7 - Ateş etme yeteneği

Bir nesneyi fırlatma yeteneğinin sadece insanlarda yaygın olduğunu farkettiniz mi? Doğru, şempanzeler de atar, ancak görkemli bir şey olmaz.

Aslında, beyzbol, basketbol ve dart oynama kabiliyetimiz, yaklaşık 2 milyon yıl önce avlarında avlarına taş ve tahta parçaları atmayı öğrenmek zorunda kalan atalarımızın mirasıdır.

Bilim adamları ellerimizle nesnelerimizi nasıl bu kadar verimli şekilde atabileceğimizi anlamaya çalışıyorlar. Bir beyzbol oyuncusu tarafından yapılan bir değerlendirme, insan omzunun atış için enerji bırakma konusunda bir çeşit sapan gibi hizmet ettiğini gösterdi. Omuz ve kolun bazı bölgeleri atış için enerji depolamak için bile gelişti.

8 - Uzun ömür ve yavaş metabolizma arasındaki ilişki

Bu bilgi sizi biraz depresyona sokabilir, ancak insanlar ve diğer primatlar diğer memelilere göre% 50 daha az kalori yakar. Bu, bir insanın primat olmayan bir hayvanın hayatında ortalama bir günde harcanan kalori miktarına yaklaşmak için bir maraton koşması gerektiği anlamına gelir.

Bununla ilgili iyi bir şey, yakın tarihli bir çalışmaya göre, yavaş metabolizmamızın neden bu kadar yavaş yaşlandığımızı, daha az çocuğa sahip olduğumuzu ve daha uzun yaşadıklarını açıklayabiliyor olmasıdır.

9 - İnsan evrimini en çok etkileyen şey

Moleküler bir zaman yolculuğunu düşünün. Bilim kurgu gibi görünüyor, ama Chicago Üniversitesindeki bazı bilim adamlarının yaptıkları az ya da çok. Her şey milyonlarca yıl önce varlığındaki bir insan proteininin analizi ile başladı. Bu aynı protein nihayetinde stres hormonu kortizolünün hücresel reseptörü olur.

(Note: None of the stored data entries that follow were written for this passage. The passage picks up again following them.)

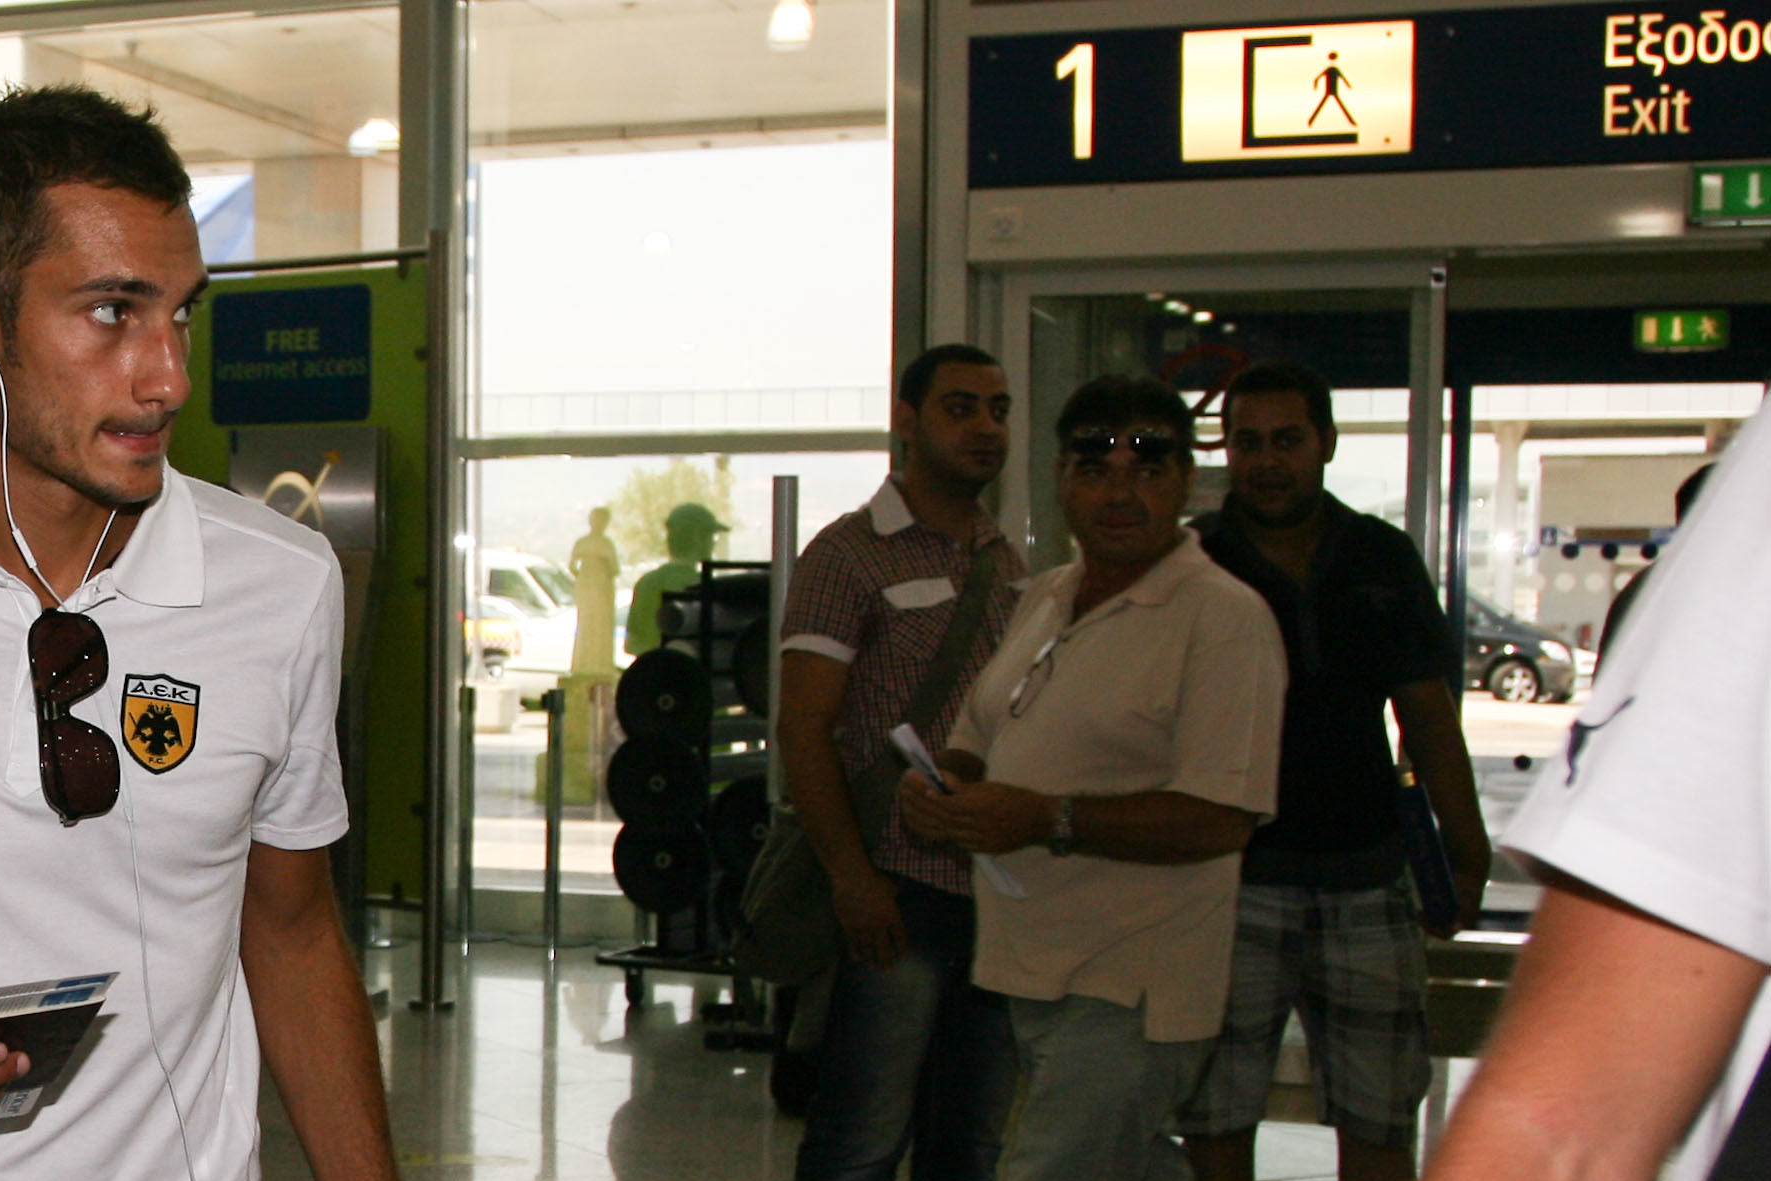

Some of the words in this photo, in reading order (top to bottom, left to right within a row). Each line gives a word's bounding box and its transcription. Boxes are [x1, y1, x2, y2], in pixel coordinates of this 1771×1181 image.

[1055, 42, 1096, 160] 1
[1603, 83, 1692, 137] Exit
[264, 328, 321, 352] FREE
[217, 360, 298, 381] internet
[301, 356, 367, 379] access

Buradaki fikir, ilkel proteinin kortizol reseptörü haline nasıl geldiğini anlamanın bir yolunu bulmaktı. Birkaç hipotezi analiz ettikten sonra, araştırmacılar bir cevap buldu. Proteinin bu şekilde gelişmesine izin vermek için tamamen rastgele iki mutasyon oluşması gerekiyordu. Yani, bu proteinin modern formu bazı rastgele değişikliklerin sonucudur.

Bir dizi tesadüfi olayın, bizi modern insanlar olarak nitelendiren proteinleri etkilediğine inanılmaktadır. Proteinlerin yeni fonksiyonlar geliştirebileceğini ve kazanabileceğini düşünmek aslında genetik çeşitliliği açıklamaya çalışmanın bir yoludur. Mantıklı, değil mi?